*** RECORDS PROVIDED ***

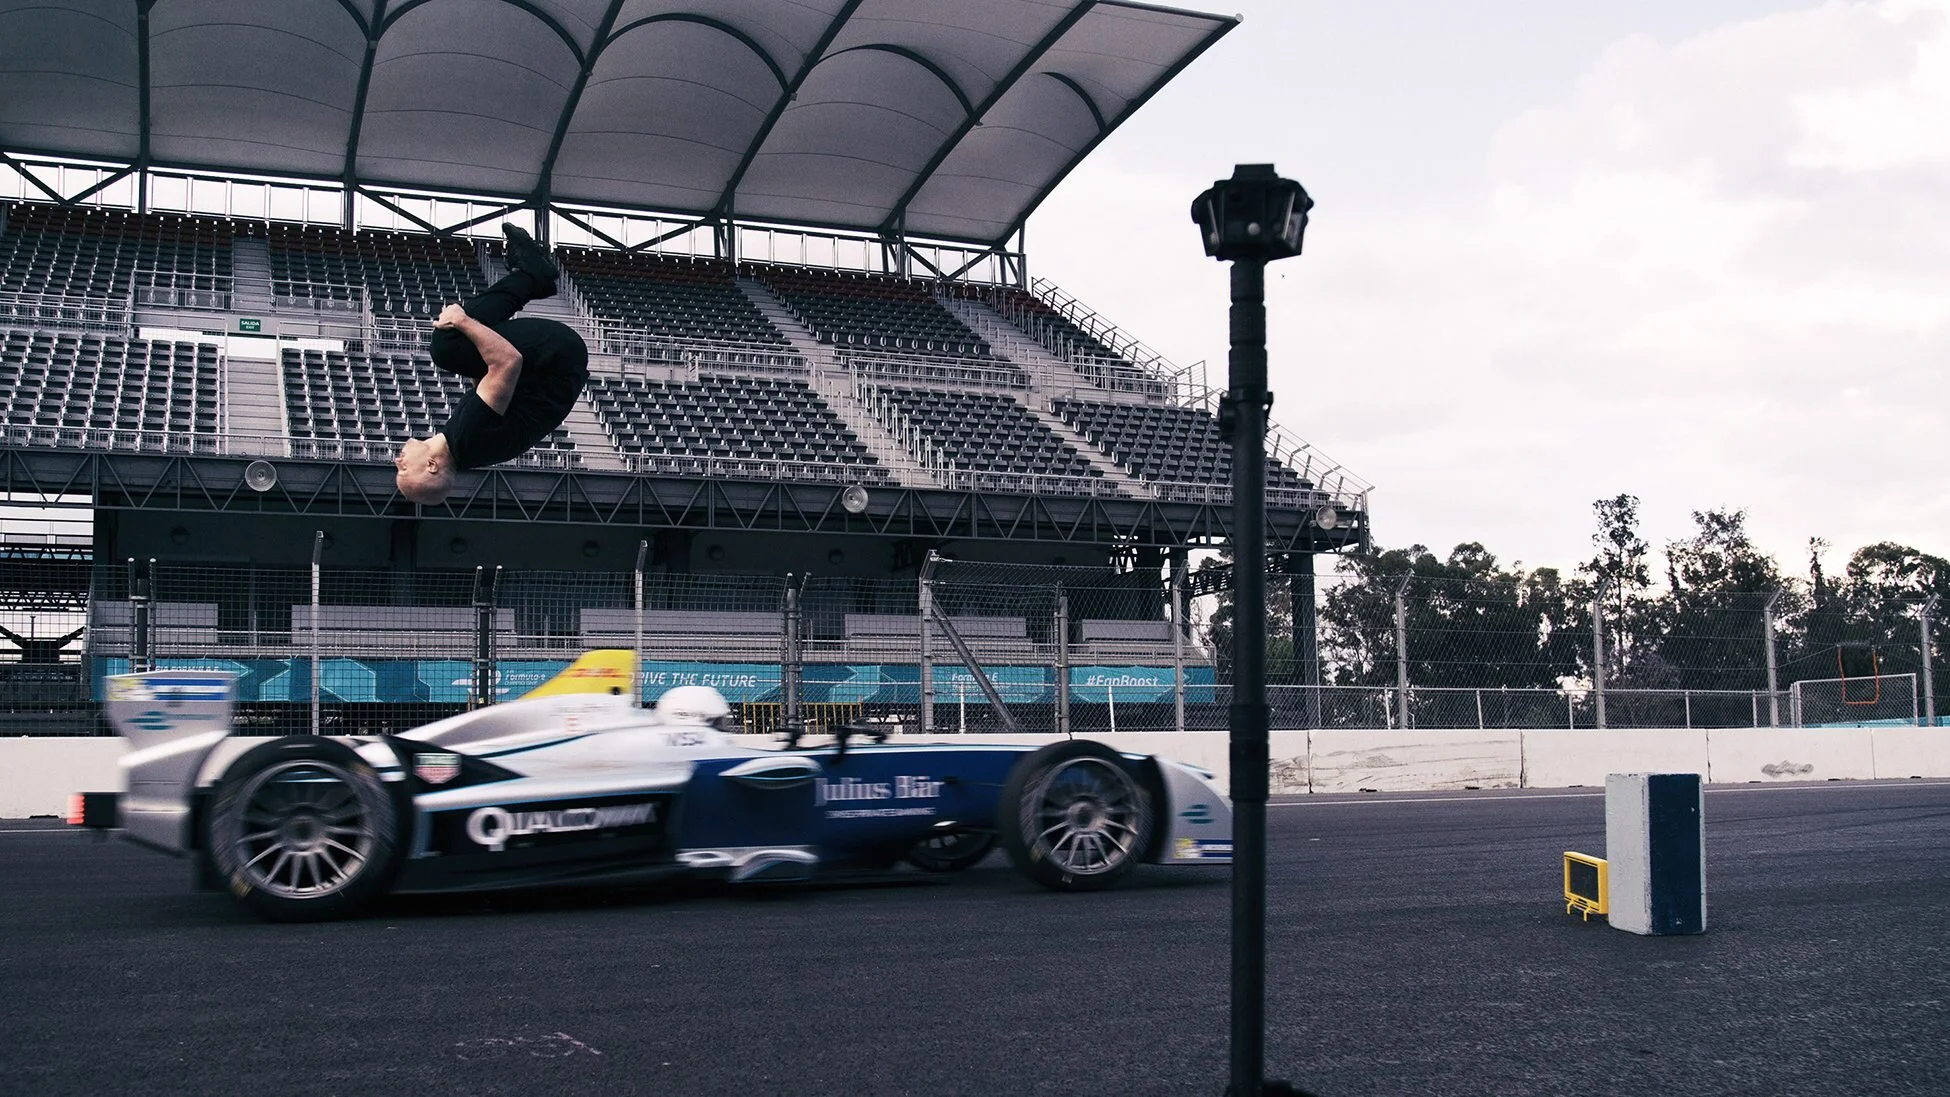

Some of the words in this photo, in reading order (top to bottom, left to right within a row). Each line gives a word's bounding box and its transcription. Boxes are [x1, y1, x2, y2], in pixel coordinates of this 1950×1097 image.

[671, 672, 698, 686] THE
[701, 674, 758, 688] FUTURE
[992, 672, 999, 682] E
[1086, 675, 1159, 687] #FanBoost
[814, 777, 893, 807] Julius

*** End of RECORDS PROVIDED ***

### HOW TO COMPLETE THIS TASK
Leave the pictures out. Repeat every entry above exactly.

### FINAL ANSWER
Some of the words in this photo, in reading order (top to bottom, left to right within a row). Each line gives a word's bounding box and its transcription. Boxes are [x1, y1, x2, y2], in pixel coordinates of this 1950×1097 image.

[671, 672, 698, 686] THE
[701, 674, 758, 688] FUTURE
[992, 672, 999, 682] E
[1086, 675, 1159, 687] #FanBoost
[814, 777, 893, 807] Julius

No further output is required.